Collected data
Start of Block
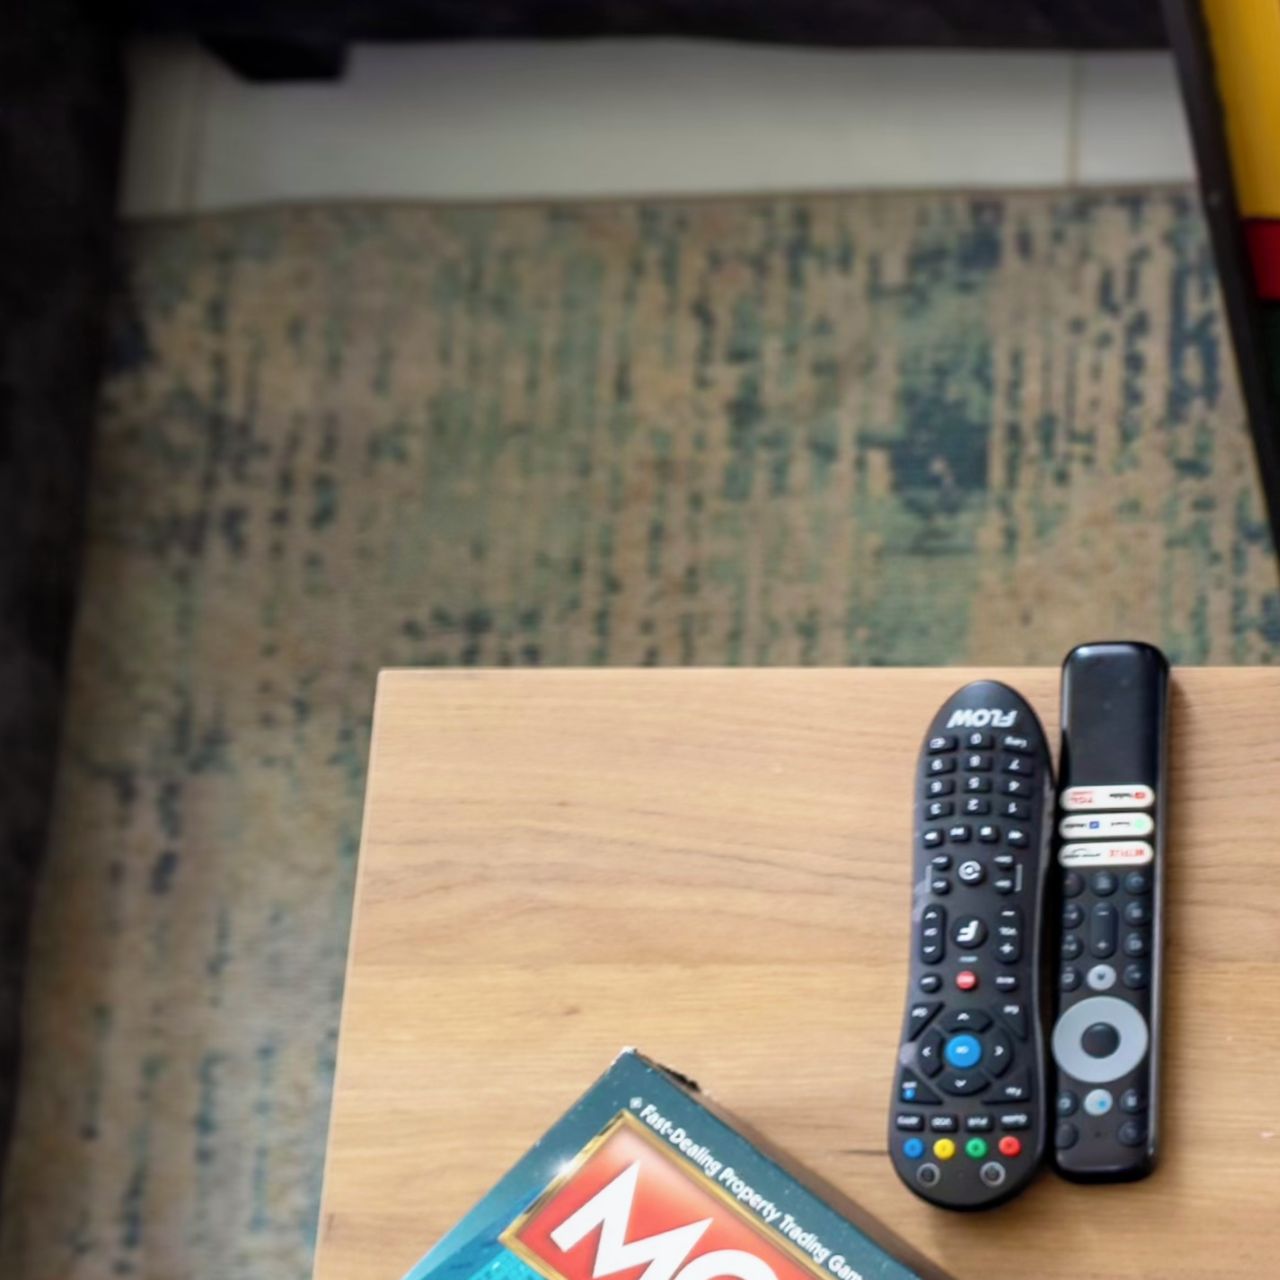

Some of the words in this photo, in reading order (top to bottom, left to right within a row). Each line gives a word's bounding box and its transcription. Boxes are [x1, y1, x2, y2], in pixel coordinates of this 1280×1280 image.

[946, 707, 1018, 729] FLOW
[640, 1104, 722, 1177] Fast-Dealing
[718, 1166, 782, 1223] Property
[779, 1213, 830, 1265] Trading
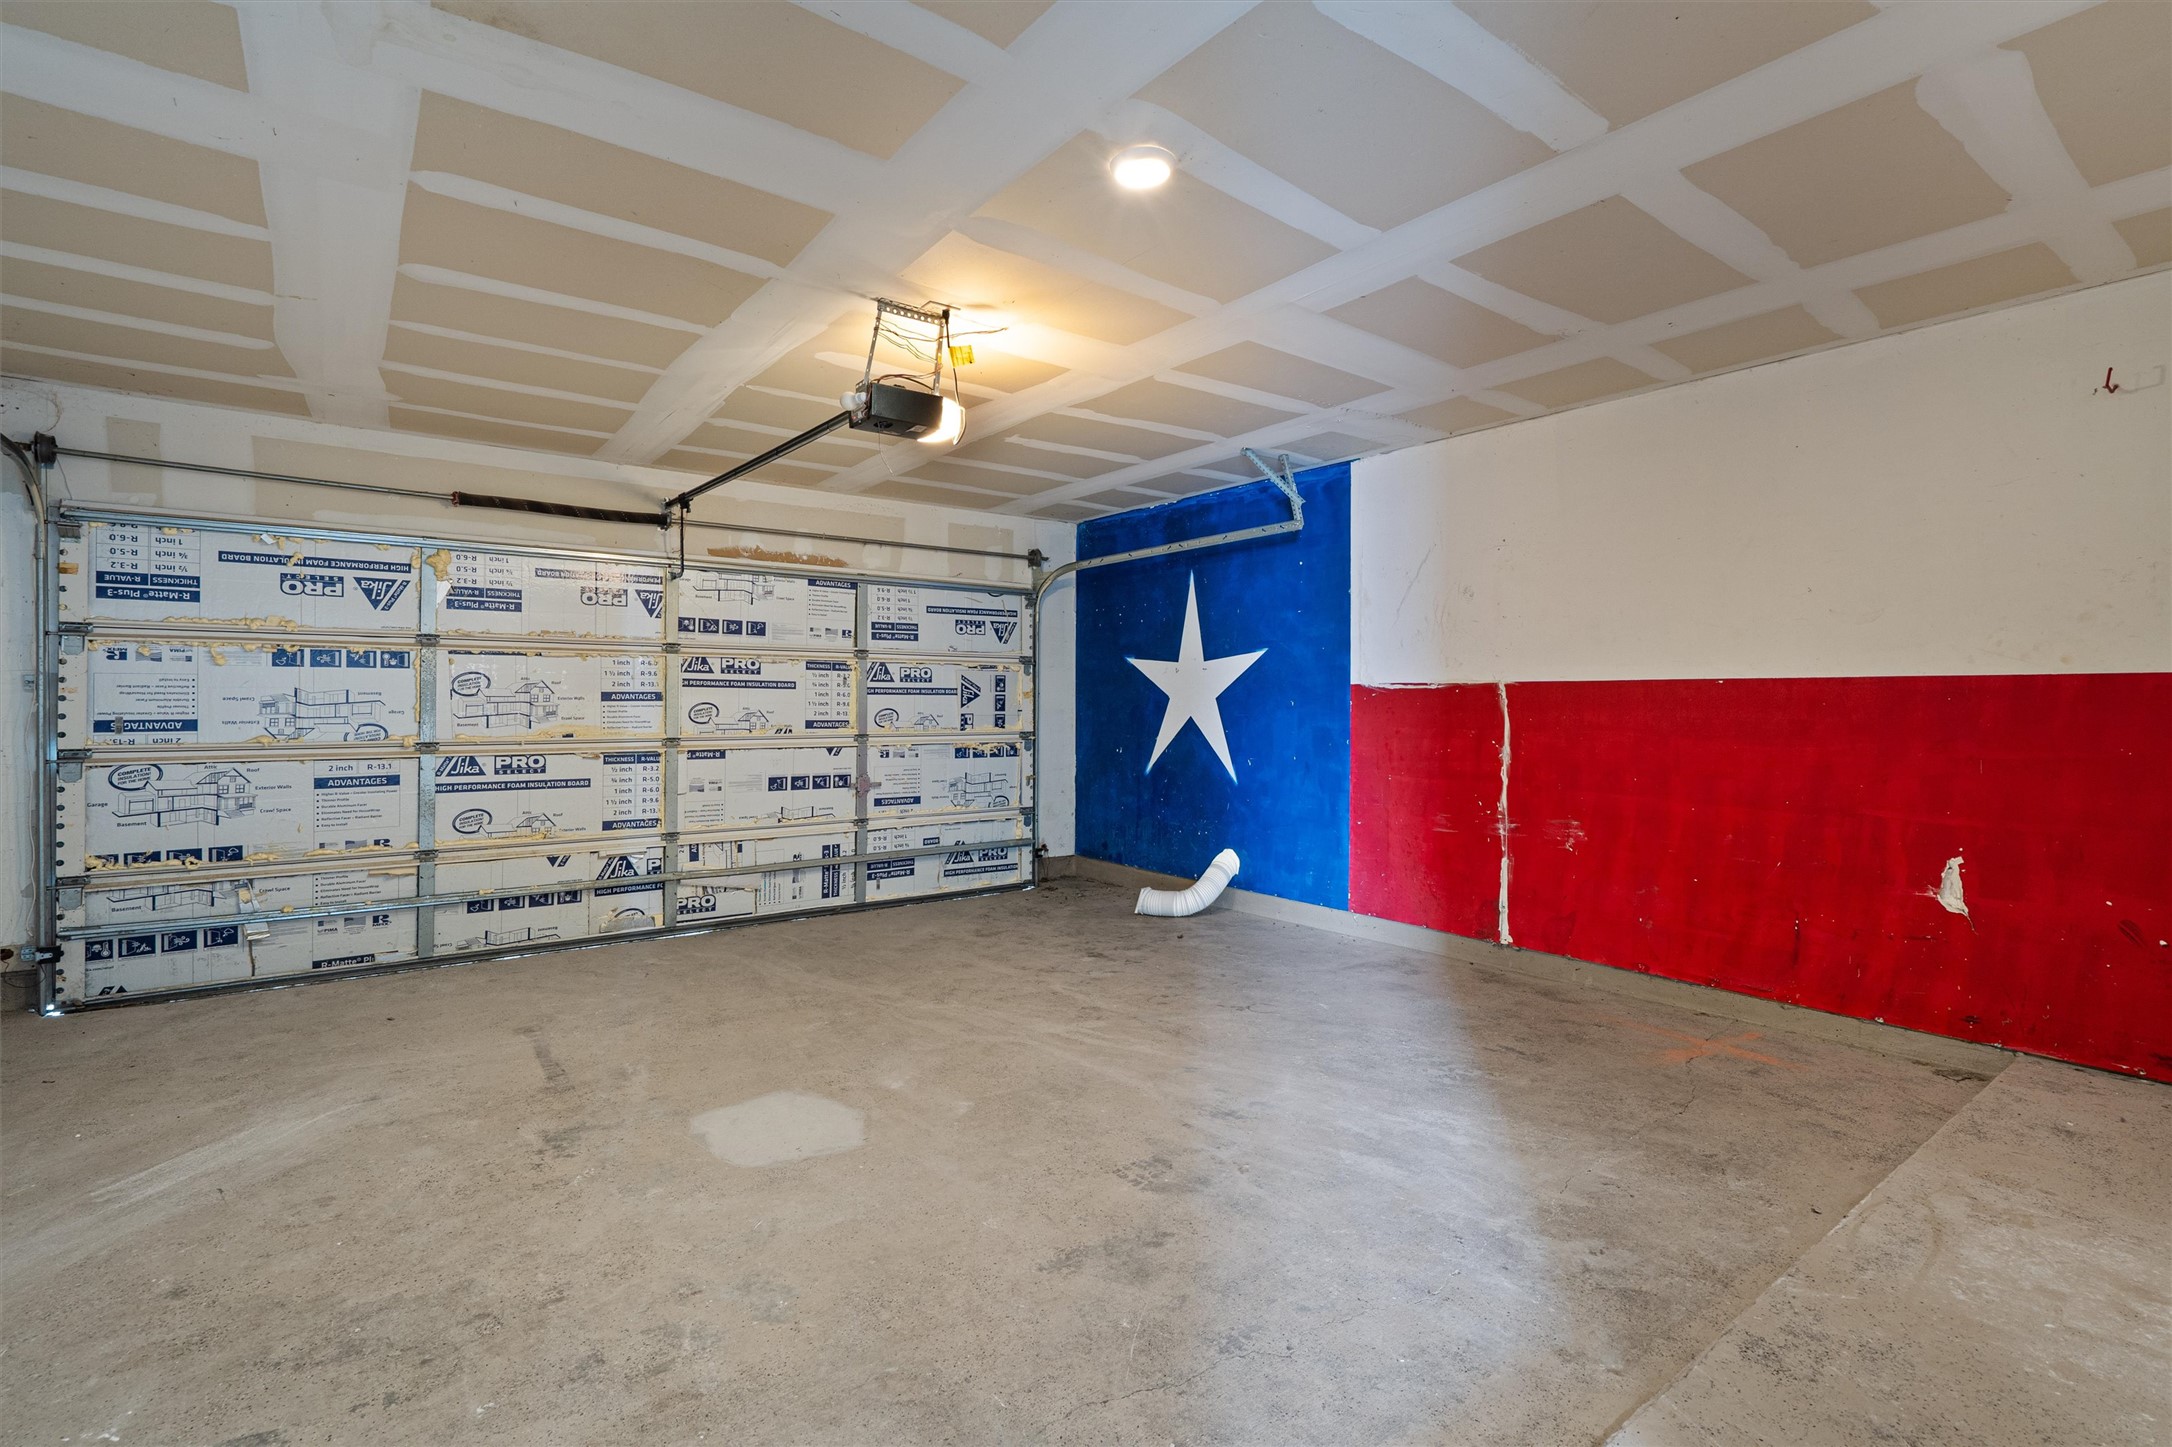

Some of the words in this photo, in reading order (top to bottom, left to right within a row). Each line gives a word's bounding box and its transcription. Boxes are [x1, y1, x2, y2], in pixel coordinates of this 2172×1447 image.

[109, 534, 138, 542] R-6.0
[155, 537, 176, 546] inch
[109, 548, 138, 556] R-5.0
[155, 550, 176, 559] inch
[221, 554, 252, 562] BOARD
[253, 555, 304, 566] INULATION
[110, 562, 138, 570] R-3.2
[306, 559, 328, 567] FOAM
[330, 560, 388, 570] PERFORMANCE
[155, 564, 176, 573] inch
[104, 574, 141, 582] R-VALUE
[152, 577, 198, 586] THICKNESS
[280, 580, 344, 597] PRO
[816, 580, 851, 588] ADVANTAGES
[107, 588, 140, 598] Plus-3
[360, 580, 392, 600] Sika
[487, 590, 520, 598] THICKNESS
[580, 592, 628, 607] PRO
[955, 624, 986, 636] PRO
[720, 657, 761, 670] PRO
[900, 666, 932, 678] PRO
[110, 722, 182, 730] ADVANTAGS
[494, 754, 546, 769] PRO
[118, 767, 151, 776] COMPLETE
[328, 778, 388, 786] ADVANTAGES
[454, 782, 506, 790] PERFORMANCE
[612, 820, 657, 829] ADVANTAGES
[978, 848, 1008, 858] PRO
[611, 860, 635, 878] Sika
[956, 867, 985, 875] PERFORMANCE
[612, 884, 656, 893] PERFORMANCE
[677, 894, 716, 909] PRO
End of Block
# Work instruction
Please return exactly the lines from the one containing "this 2172×1447 image." through the end of the entries above, adding no other line.

# Answer box
Some of the words in this photo, in reading order (top to bottom, left to right within a row). Each line gives a word's bounding box and its transcription. Boxes are [x1, y1, x2, y2], in pixel coordinates of this 2172×1447 image.

[109, 534, 138, 542] R-6.0
[155, 537, 176, 546] inch
[109, 548, 138, 556] R-5.0
[155, 550, 176, 559] inch
[221, 554, 252, 562] BOARD
[253, 555, 304, 566] INULATION
[110, 562, 138, 570] R-3.2
[306, 559, 328, 567] FOAM
[330, 560, 388, 570] PERFORMANCE
[155, 564, 176, 573] inch
[104, 574, 141, 582] R-VALUE
[152, 577, 198, 586] THICKNESS
[280, 580, 344, 597] PRO
[816, 580, 851, 588] ADVANTAGES
[107, 588, 140, 598] Plus-3
[360, 580, 392, 600] Sika
[487, 590, 520, 598] THICKNESS
[580, 592, 628, 607] PRO
[955, 624, 986, 636] PRO
[720, 657, 761, 670] PRO
[900, 666, 932, 678] PRO
[110, 722, 182, 730] ADVANTAGS
[494, 754, 546, 769] PRO
[118, 767, 151, 776] COMPLETE
[328, 778, 388, 786] ADVANTAGES
[454, 782, 506, 790] PERFORMANCE
[612, 820, 657, 829] ADVANTAGES
[978, 848, 1008, 858] PRO
[611, 860, 635, 878] Sika
[956, 867, 985, 875] PERFORMANCE
[612, 884, 656, 893] PERFORMANCE
[677, 894, 716, 909] PRO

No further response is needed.